Add documentation for SCHED_DEADLINE cgroup support (CONFIG_DEADLINE_
GROUP_SCHED config option).

Signed-off-by: Juri Lelli <juri.lelli@redhat.com>
Cc: Ingo Molnar <mingo@redhat.com>
Cc: Peter Zijlstra <peterz@infradead.org>
Cc: Tejun Heo <tj@kernel.org>
Cc: Jonathan Corbet <corbet@lwn.net>
Cc: Luca Abeni <luca.abeni@santannapisa.it>
Cc: linux-kernel@vger.kernel.org
Cc: linux-doc@vger.kernel.org
---
 Documentation/scheduler/sched-deadline.txt | 36 ++++++++++++++++++++++--------
 1 file changed, 27 insertions(+), 9 deletions(-)

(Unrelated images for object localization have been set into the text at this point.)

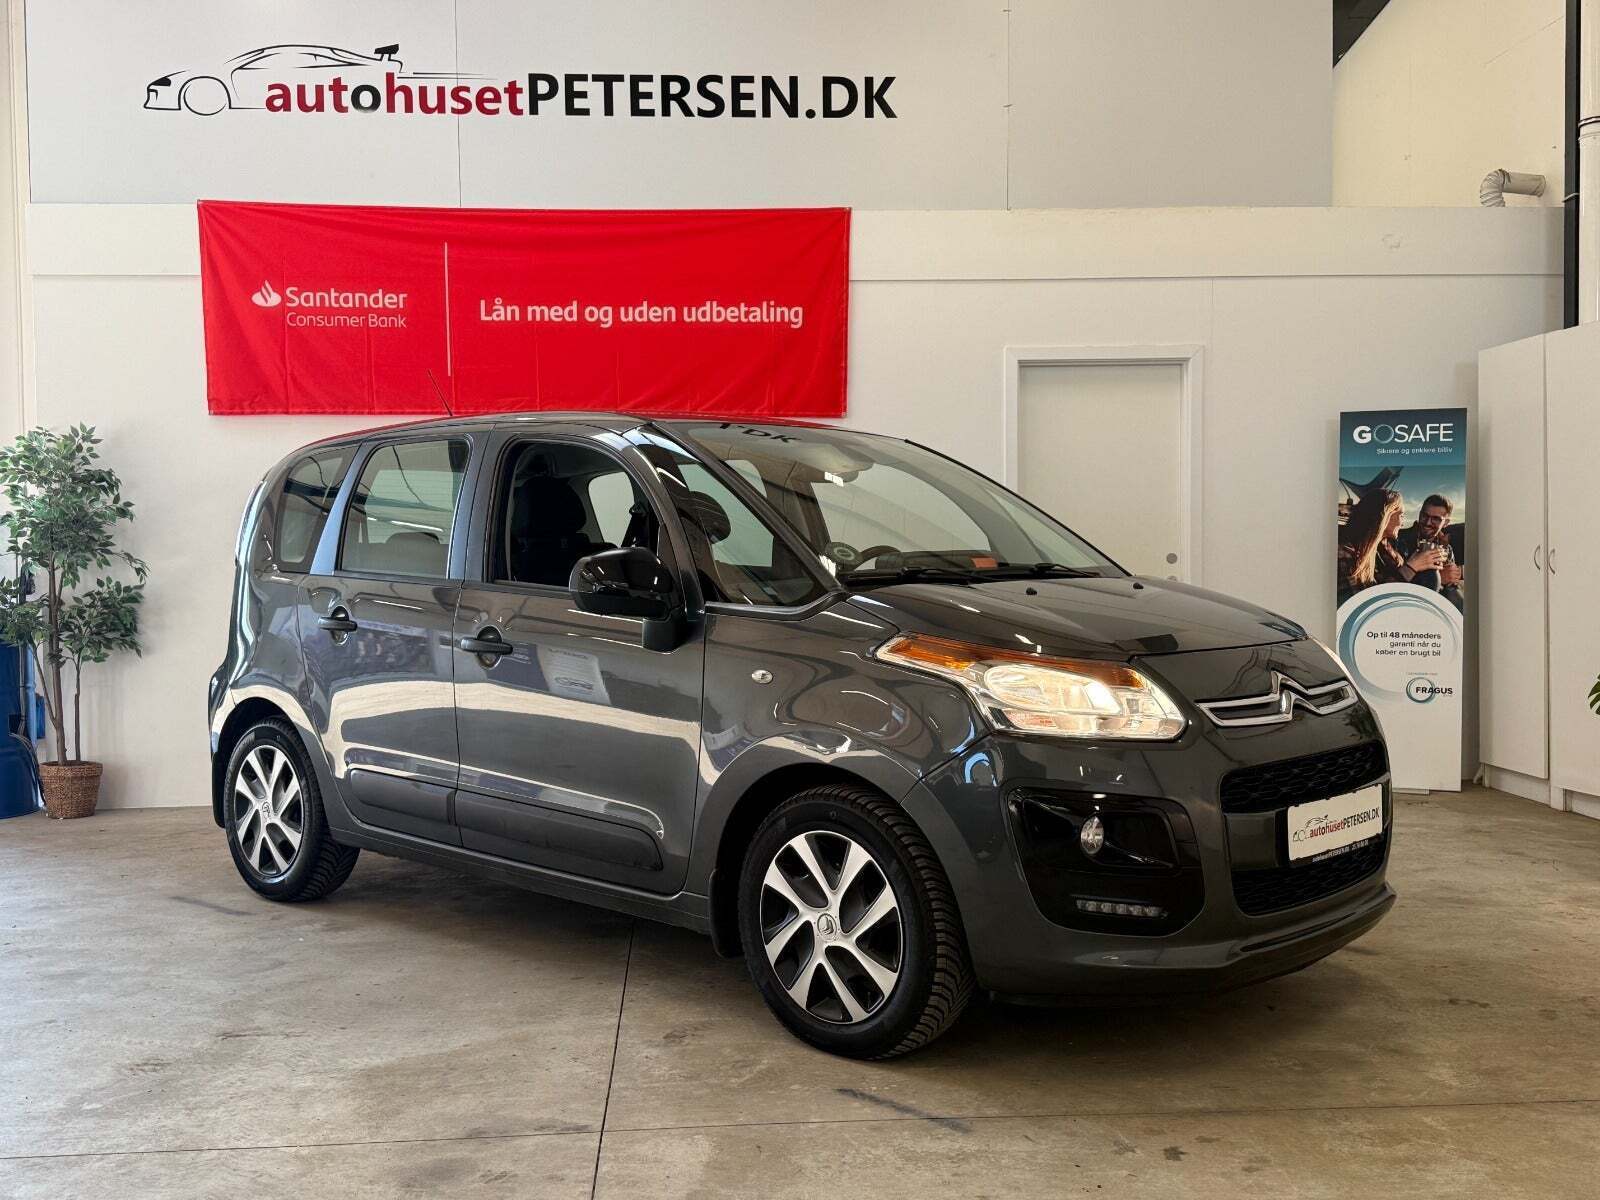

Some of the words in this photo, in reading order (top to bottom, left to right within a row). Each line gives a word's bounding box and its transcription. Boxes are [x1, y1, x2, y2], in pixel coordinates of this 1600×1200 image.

[264, 72, 898, 119] autohusetPETERSEN.DK
[285, 286, 408, 309] Santander
[286, 311, 365, 328] Consumer
[368, 313, 407, 328] Bank
[480, 297, 520, 322] Lån
[527, 300, 578, 322] med
[584, 304, 613, 328] og
[620, 300, 677, 323] uden
[683, 301, 804, 329] udbetaling
[1353, 423, 1454, 444] GOSAFE
[1366, 631, 1379, 639] Op
[1401, 631, 1442, 639] måneders
[1389, 641, 1415, 649] garanti
[1417, 640, 1430, 648] når
[1375, 648, 1397, 656] køber
[1410, 649, 1430, 658] brugt
[1432, 648, 1441, 656] bil
[1415, 686, 1454, 695] FRAGUS
[1309, 807, 1380, 838] autohusetPETERSEN.DK

diff --git a/Documentation/scheduler/sched-deadline.txt b/Documentation/scheduler/sched-deadline.txt
index 8ce78f82ae23..65d55c778976 100644
--- a/Documentation/scheduler/sched-deadline.txt
+++ b/Documentation/scheduler/sched-deadline.txt
@@ -528,11 +528,8 @@ CONTENTS
  to -deadline tasks is similar to the one already used for -rt
  tasks with real-time group scheduling (a.k.a. RT-throttling - see
  Documentation/scheduler/sched-rt-group.txt), and is based on readable/
- writable control files located in procfs (for system wide settings).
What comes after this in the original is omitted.